La clave era el “torno”, el torno y una campanita. A simple vista ni uno ni otro llamaría la atención en otro contexto fuera de los hechos que voy a relatar, porque el torno no era más que un artefacto de madera encastrado en una pared; y la campana, como todas las campanas, solo estaba para sonar.
Los hechos se sitúan en la Buenos Aires virreinal de fines del siglo XVIII, y tiene como protagonistas a los niños. Por entonces, los infantes no eran sujetos de derechos, y componían un sector social que apenas estaban por encima de las “cosas materiales” y muy por debajo de los animales, principalmente el ganado.
En la aristocrática Buenos Aires del virreinato era frecuente el abandono de niños en plena vía pública.

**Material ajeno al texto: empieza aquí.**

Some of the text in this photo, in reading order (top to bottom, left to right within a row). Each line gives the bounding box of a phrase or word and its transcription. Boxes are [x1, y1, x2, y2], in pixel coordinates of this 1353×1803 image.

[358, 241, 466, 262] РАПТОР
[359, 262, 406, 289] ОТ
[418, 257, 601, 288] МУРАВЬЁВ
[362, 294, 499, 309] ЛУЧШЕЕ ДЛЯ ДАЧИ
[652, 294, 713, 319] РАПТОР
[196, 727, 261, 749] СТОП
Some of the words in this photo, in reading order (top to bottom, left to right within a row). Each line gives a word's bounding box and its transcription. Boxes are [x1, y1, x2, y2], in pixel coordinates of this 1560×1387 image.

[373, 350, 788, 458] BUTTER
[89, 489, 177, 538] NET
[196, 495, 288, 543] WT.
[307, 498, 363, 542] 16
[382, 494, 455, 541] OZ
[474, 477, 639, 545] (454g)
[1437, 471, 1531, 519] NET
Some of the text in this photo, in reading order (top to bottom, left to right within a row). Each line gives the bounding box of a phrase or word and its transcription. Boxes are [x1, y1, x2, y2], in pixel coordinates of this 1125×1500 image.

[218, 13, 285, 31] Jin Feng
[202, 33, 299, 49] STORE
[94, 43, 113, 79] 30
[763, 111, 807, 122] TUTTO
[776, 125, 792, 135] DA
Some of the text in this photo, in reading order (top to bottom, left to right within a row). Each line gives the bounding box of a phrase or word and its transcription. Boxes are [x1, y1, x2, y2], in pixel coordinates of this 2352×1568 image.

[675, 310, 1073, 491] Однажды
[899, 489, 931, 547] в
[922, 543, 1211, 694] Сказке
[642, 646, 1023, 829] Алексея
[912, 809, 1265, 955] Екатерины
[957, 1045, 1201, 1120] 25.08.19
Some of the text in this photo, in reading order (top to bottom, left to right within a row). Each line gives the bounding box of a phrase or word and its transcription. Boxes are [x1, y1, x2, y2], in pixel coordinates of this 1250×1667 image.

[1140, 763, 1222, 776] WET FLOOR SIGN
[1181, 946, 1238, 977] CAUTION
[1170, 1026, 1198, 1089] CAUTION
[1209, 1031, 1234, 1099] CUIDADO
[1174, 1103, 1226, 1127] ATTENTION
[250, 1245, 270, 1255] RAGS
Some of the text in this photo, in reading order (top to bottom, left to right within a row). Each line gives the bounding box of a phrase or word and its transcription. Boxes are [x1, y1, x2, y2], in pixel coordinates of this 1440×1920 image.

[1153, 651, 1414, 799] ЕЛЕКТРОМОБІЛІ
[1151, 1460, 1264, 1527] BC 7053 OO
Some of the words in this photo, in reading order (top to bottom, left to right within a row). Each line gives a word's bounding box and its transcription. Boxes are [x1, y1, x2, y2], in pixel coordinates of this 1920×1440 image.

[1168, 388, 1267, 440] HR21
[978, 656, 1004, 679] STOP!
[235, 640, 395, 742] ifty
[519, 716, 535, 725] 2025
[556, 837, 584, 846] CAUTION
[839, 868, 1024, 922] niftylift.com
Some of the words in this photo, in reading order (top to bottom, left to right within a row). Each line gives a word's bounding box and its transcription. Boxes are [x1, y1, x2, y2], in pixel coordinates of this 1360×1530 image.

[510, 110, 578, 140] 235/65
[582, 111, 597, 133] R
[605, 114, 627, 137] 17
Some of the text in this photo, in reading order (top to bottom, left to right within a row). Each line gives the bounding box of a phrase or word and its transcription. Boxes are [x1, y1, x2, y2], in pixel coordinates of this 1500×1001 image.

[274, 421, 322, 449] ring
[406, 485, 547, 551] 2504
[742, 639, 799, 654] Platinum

Los neonatos eran descartados (tirados) en campos, baldíos y hasta en plena calle; los que tenían una muerte “digna” morían de hambre y frio, otros eran devorados por perros salvajes y cerdos, y no faltaban los que se ahogaban en las pestilentes aguas de una ciudad que emulaba las grandes urbes de Europa.
Alguien pensó que eso era indigno, no tanto por los niños, sino por los refinados transeúntes que debían toparse con esa “lacerante escena”. Como fuera, y a instancias de un tal Miguel Riglos, en agosto de 1779 (este mes se cumple un nuevo aniversario) se creó por Cedula Real la Casa de los Niños Expósitos.
La flamante institución tenía como misión hospedar a niños y niñas que por distintos motivos habían sido abandonados. Los motivos del desamparo incluían a los hijos incestuosos, los ilegítimos, los nacidos por una violación, y hasta los que serían abandonados por cuestiones económicas. La institución perduró en el tiempo y algunos sostienen que por sus instalaciones pasaron miles de niños.
En la pared del frente de la Casa de los Niños Expósitos había un “torno” de madera encastrado que giraba sobre su propio eje, y al lado, pendiendo de un hilo, estaba la campana. El artefacto servía para que el niño sea colocado allí y la campana alertaba a los funcionarios de la institución que un recién nacido había sido dejado. El objetivo de tal ingeniería era que la persona que dejaba al menor no se conociera con quien lo recibía.
A veces, el pesar de la vergüenza y el pavor de quien dejaba a un niño, impedía que la campana suene, entonces la estática boca de madera y la desidia del funcionario de turno serían testigo de una vida más que se perdía por el frio o el hambre.
La primera en pasar por el torno fue una “negrita”, que con el paso de los días la llamaron Feliciana Manuela. La niña no tenía apellido, ninguno de esos niños tendría apellido, apenas dos nombres y un número que los identificaba como errantes en una sociedad ilustre.
Feliciana rompió las reglas porque la institución había sido creada para “niños blancos”, hijos de “gente de bien” que en el fragor de alguna lucha habían “metido la pata”. Sin embargo, y casi por un capricho de las estadísticas, Feliciana murió a los pocos meses. La mayoría de los niños moriría antes del año. La mortalidad en aquel hospedaje fluctuaba entre el 50% y el 60% de los ingresos, sin embargo, no sería distinta a las cifras en general.
Como burla del destino, o no tanto, la generalidad de los niños de la Casa Expósito eran negros; y había un decoroso, si corresponde el adjetivo para estas situaciones, motivo: sus madres esclavas no querían que sus hijos corran la misma suerte que ellas. A veces, los porqués son tan profundos que sería ingrato juzgar a esas desdichadas.
En el trato cotidiano los niños eran criados por amas de leche y amas de crianza, mujeres de las barriadas bajas que se ganaban la vida cuidando chicos sin apellido. El destino, siempre inquieto, los terminaría uniendo en la desidia, la pobreza y el infortunio.
Si Feliciana Manuela hubiera vivido se habría convertido en criada de alguna casa porteña, al fin de cuentas, ese era el destino que les esperaba a las niñas internadas, en cuanto a los niños, se los entrenaba en oficios y la mayoría de las veces tendrían una servidumbre con la propia institución.
La Casa de los Niños Expósitos funcionó durante más de un siglo para luego convertirse en el Hospital Casa Cuna (como muchos todavía lo conocen) y actualmente Hospital de Niños Pedro Elizalde. En esa línea de tiempo, en esa cronología virtuosa, los niños se convirtieron en sujetos de derechos, personas con capacidad para ser cuidadas y protegidas, no sólo por sus familias, sino por toda la comunidad. Seguramente, y con todos los déficit de época, el torno y la campanita de la Casa de los Niños Expósitos salvaron muchas vidas. Hoy, la protección del niño, de las infancias y la familia salvan muchas más.